"In a novel, the narrative moves from start to finish, from beginning to end. But within that framework time can be juggled, treated with careless disregard - the story can progress, can dip backwards, fold up, expand. What matters is the satisfactory whole defined by Frank Kermode: 'All such plotting presupposes and requires that an end will bestow upon the whole duration and meaning.' For a novel to work, you want to come away from reading it with the sense that everything has gathered towards a convincing conclusion - not one that necessarily ties up every loose end, but one that feels an integral part of what has gone before. It must make sense of the space between the beginning and the end. You start reading a novel with no idea where this thing is going to go; you should finish it feeling that it could have gone no other way.

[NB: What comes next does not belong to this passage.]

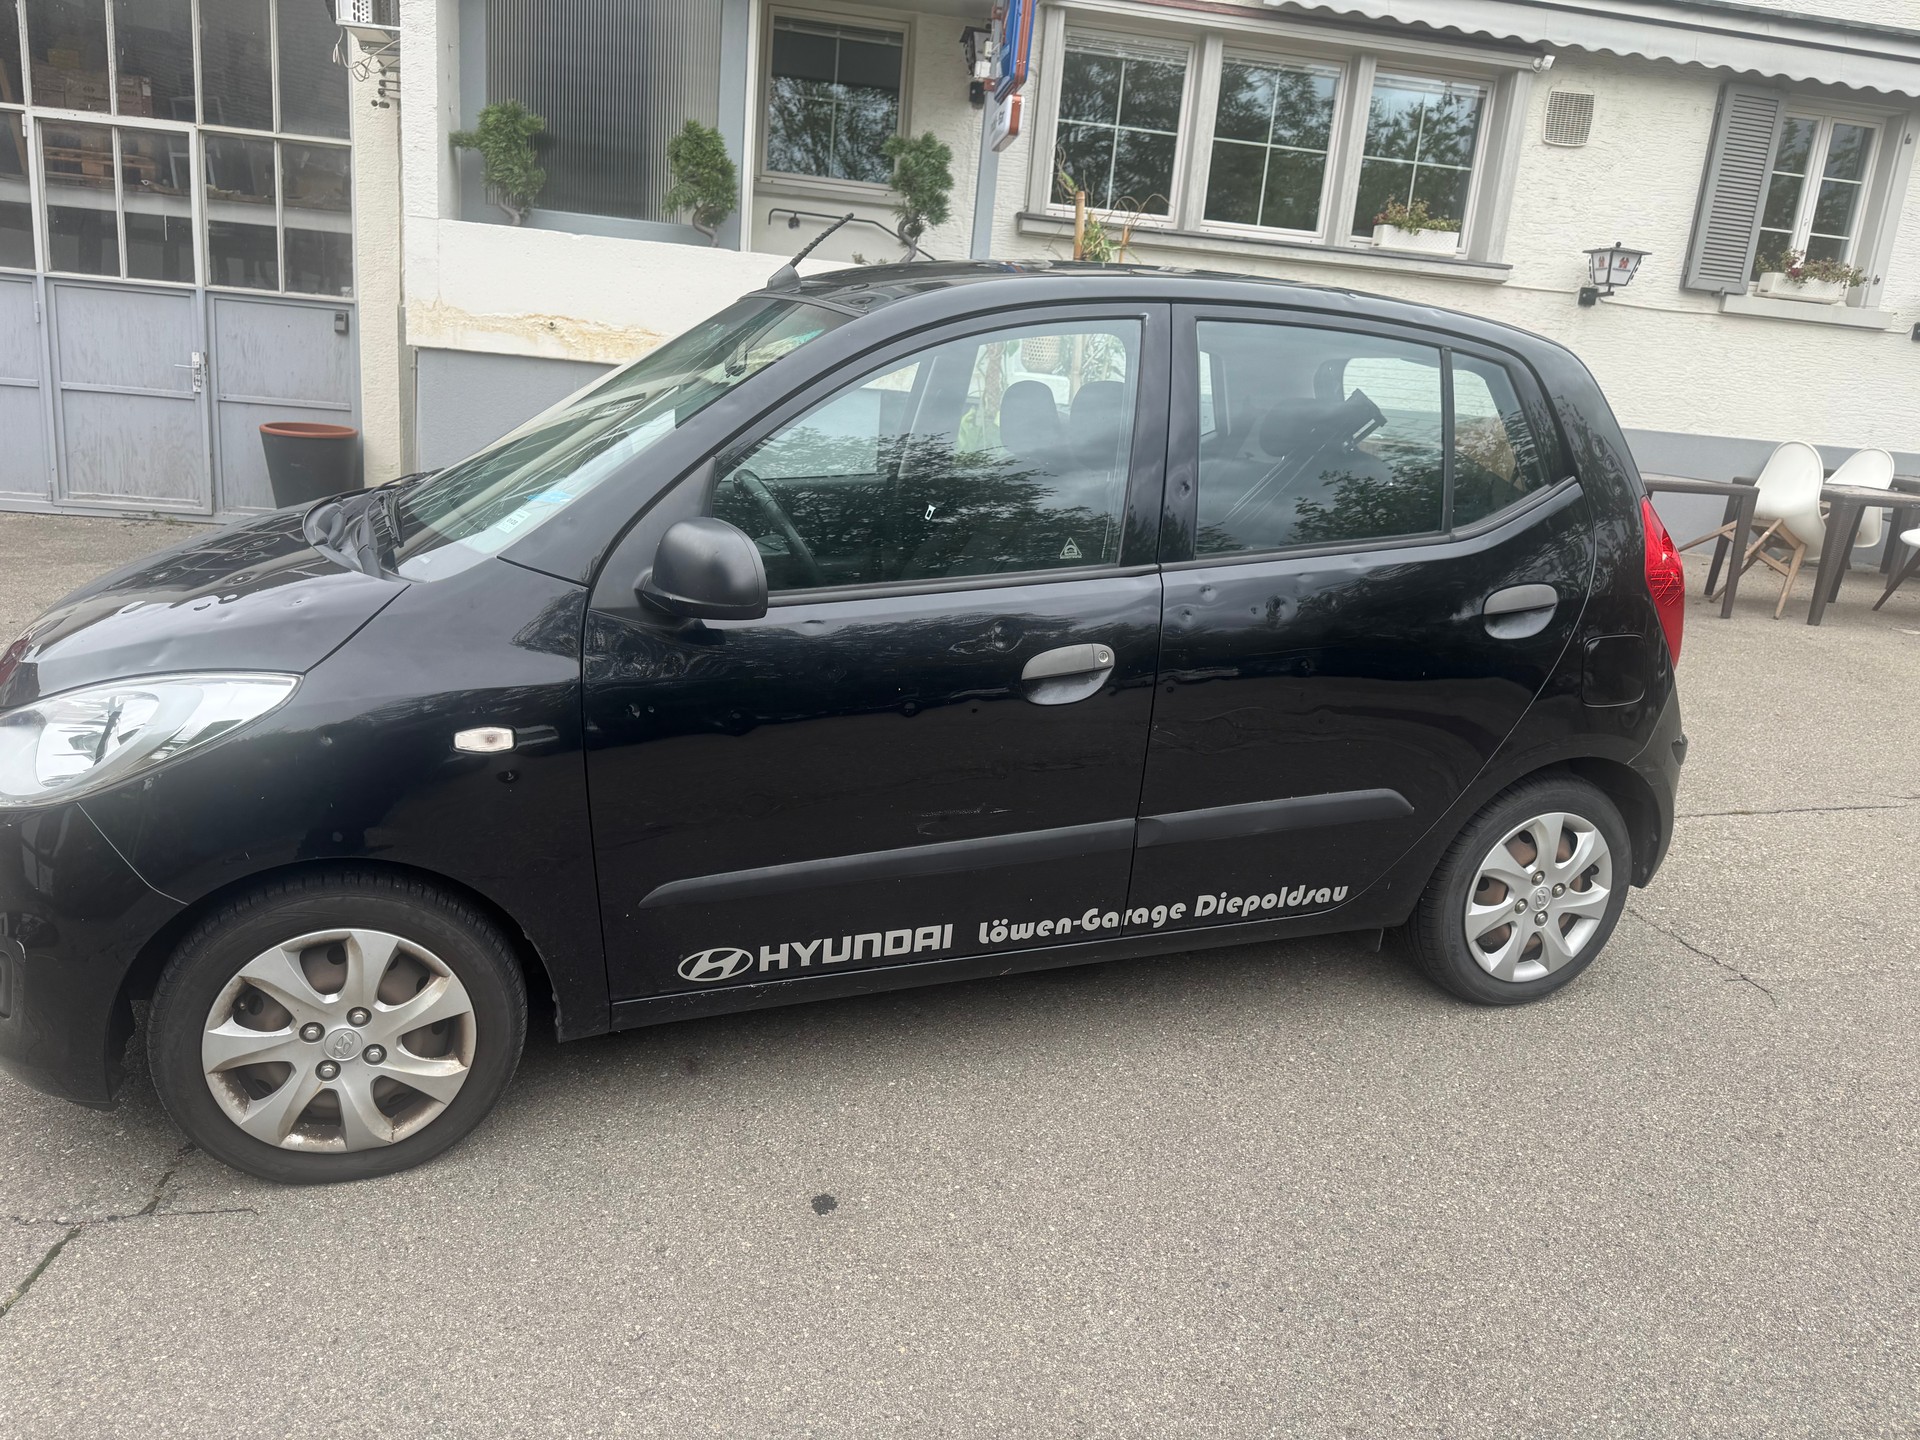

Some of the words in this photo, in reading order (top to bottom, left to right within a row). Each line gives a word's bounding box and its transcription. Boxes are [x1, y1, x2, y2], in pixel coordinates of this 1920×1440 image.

The novelist would like the writing process to be thus; it is not - or at least not for me. I do need to have a good idea where the thing is going - I won't have started at all until a notebook is full of ideas and instructions to myself. And I will have achieved the finishing line only after pursuing various options, wondering if this would work better than that. The reader should have an easy ride at the expense of the writer's accumulated hours of inspiration and rejection and certainty and doubt."
From Ammonites and Leaping Fish: A Life in Time by Penelope Lively.
See also Robertson Davies on this subject.
She certainly makes sense. I know have read a number of books fairly recently which have left me thinking that the ending is either unsatisfactory or has been rushed - almost as though the writer was having to stick to a word count.
I loved this book and its wisdom has provided me with a great deal of food for thought as well as the need to find those of her books I haven't yet read!
Posted by: LizF | 01 November 2013 at 09:39 AM
I loved it too, Liz, and you're right to mention its wisdom. Also, Penelope Lively writes so lucidly and beautifully that she is pure pleasure to read.